I was with him, right up to this point:
Although I don’t think the data show widespread bias against women studying for Ph.D.’s and faculty jobs, there are obstacles that keep women from wanting to study science in graduate school or pursue a career in academia. Along with Lab readers like Tamara and Oliver Young (and some of the Title Niners), I suspect the chief one is the difficulty of balancing their careers with with family responsibilities, particularly childrearing. What could be done — and what has been done — to address that problem? I welcome your suggestions.

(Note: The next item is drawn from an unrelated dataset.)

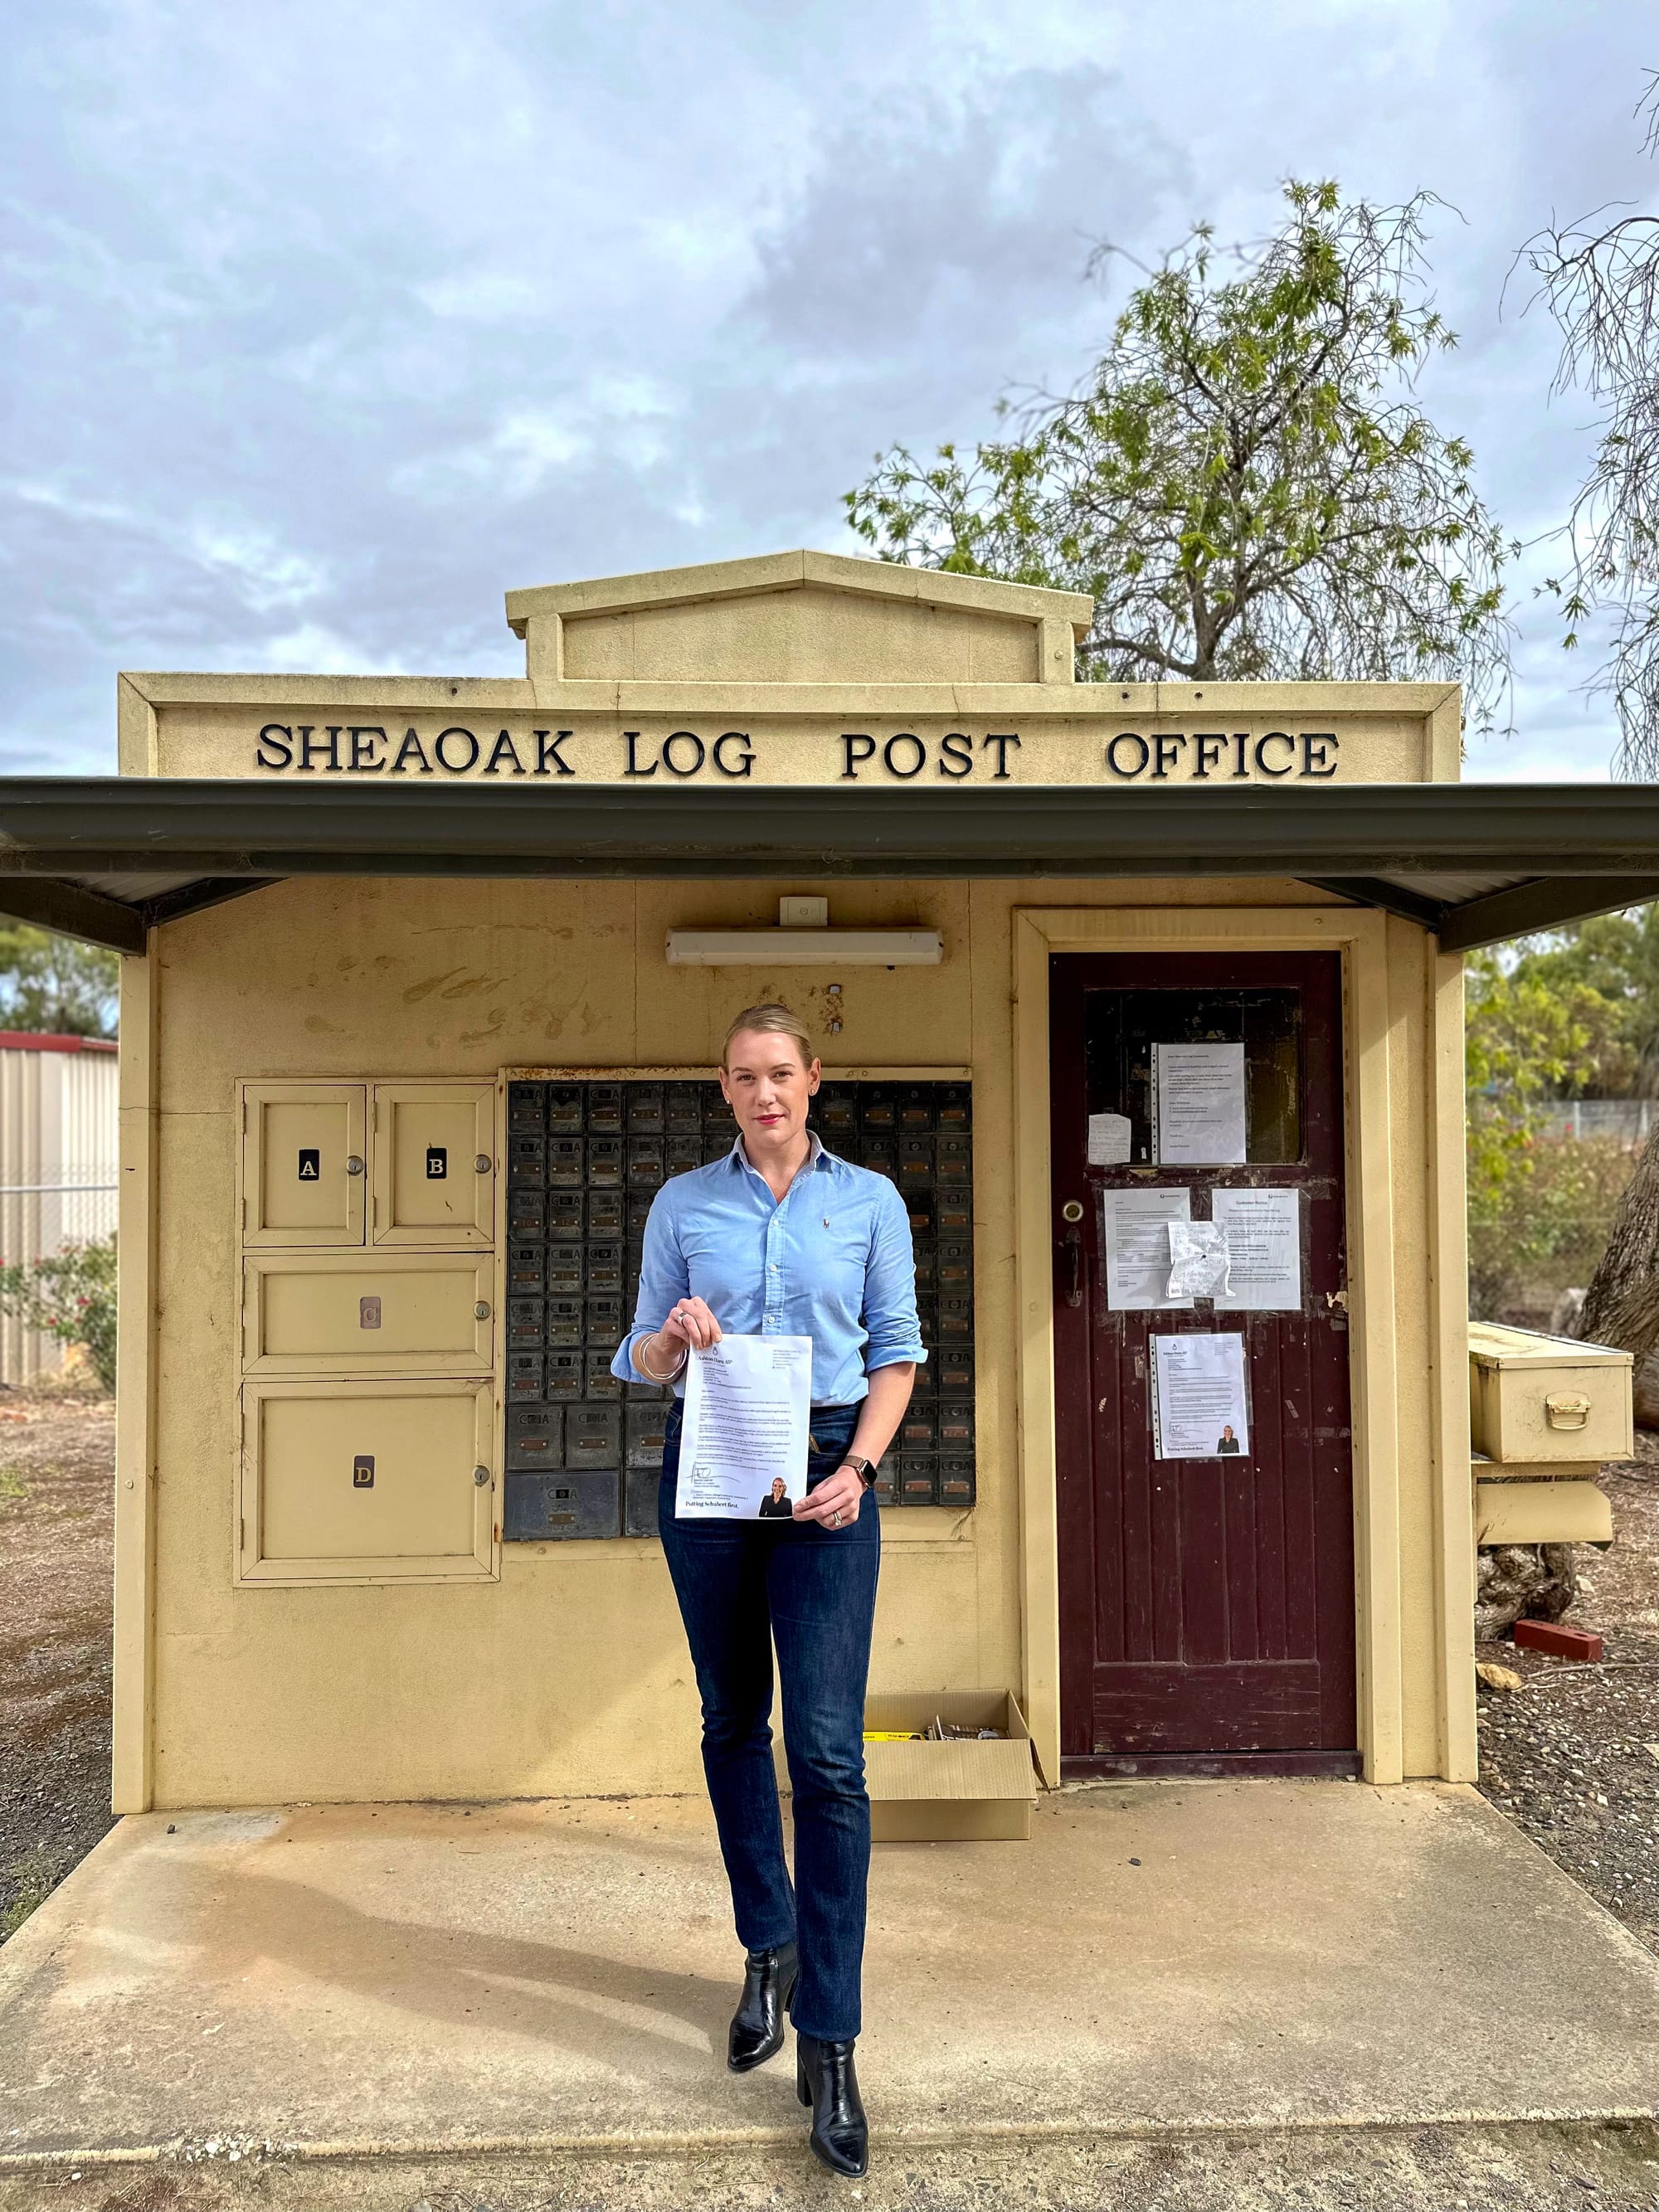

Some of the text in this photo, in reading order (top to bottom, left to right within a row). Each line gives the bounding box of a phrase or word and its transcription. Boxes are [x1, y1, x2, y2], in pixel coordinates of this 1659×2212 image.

This paragraph is illogical even on its own. So long as women (disproportionately) choose freely to balance their lives more to the “family” than the “career” side, how exactly is there a “problem” about which something must be “done”?

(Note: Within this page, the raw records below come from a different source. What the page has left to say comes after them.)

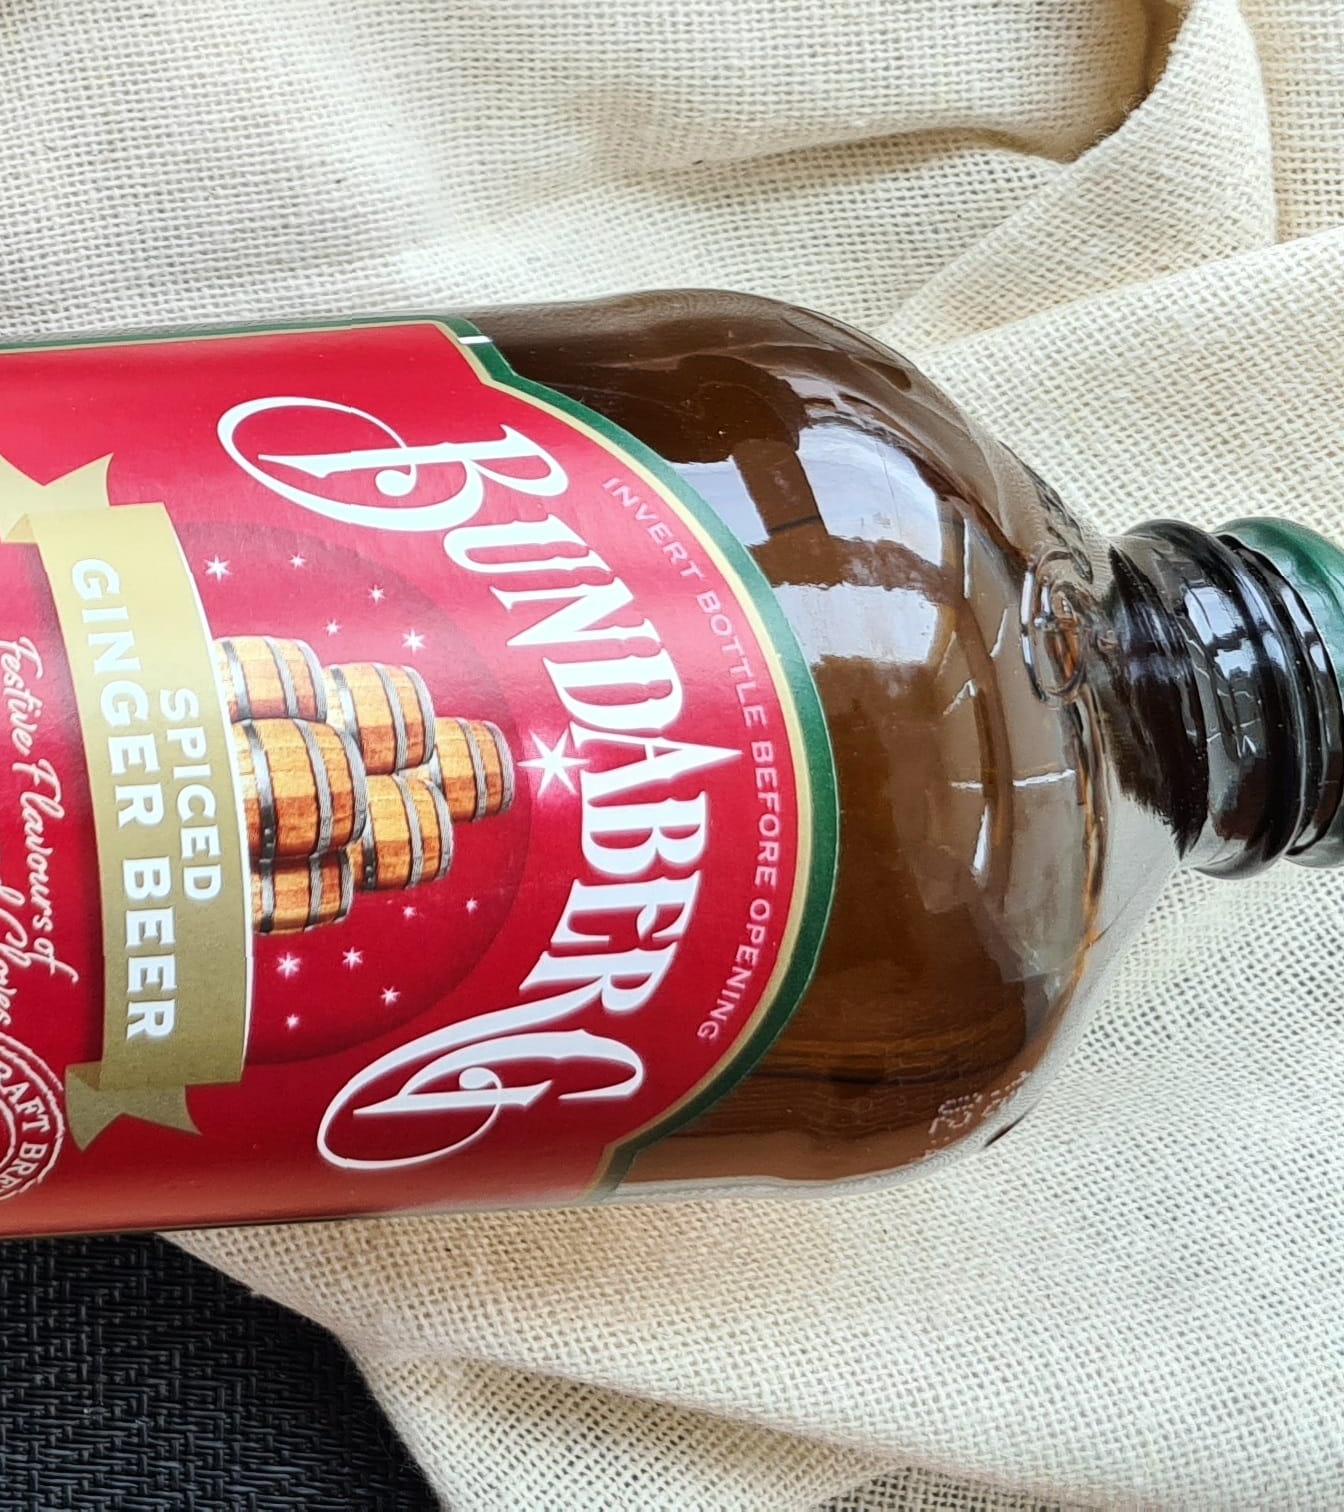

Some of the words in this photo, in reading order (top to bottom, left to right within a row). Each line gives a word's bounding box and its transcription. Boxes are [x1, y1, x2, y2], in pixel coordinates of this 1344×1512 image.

[602, 477, 704, 581] INVERT
[696, 590, 768, 731] BOTTLE
[13, 759, 65, 933] Flavours
[71, 558, 164, 829] GINGER
[122, 856, 176, 1041] BEER
[159, 688, 221, 902] SPICED
[216, 395, 743, 1170] BUNDABERG
[751, 740, 781, 888] BEFORE
[29, 936, 78, 984] of
[696, 897, 771, 1042] OPENING

And seen in the context of the preceding paragraph, it gets even worse:
I was also interested to see Dr. Nelson’s comparable figures for white males, because it certainly looks as if their “millennium of affirmative action” has ended. Dr. Nelson found that white male Ph.D.’s are overrepresented among assistant professors in just three disciplines: chemistry, biological sciences and psychology. They roughly break even in two other fields, political science and sociology. And they’re underrepresented in everything else — 10 of the 15 disciplines surveyed by Dr. Nelson.
“The difficulty of balancing their careers with family responsibilities” does not vary across fields of study, or at least Tierney presents no evidence that it does. Yet it’s supposed to explain women’s absence in three fields, even though they’re overrepresented in ten and evenly represented in two.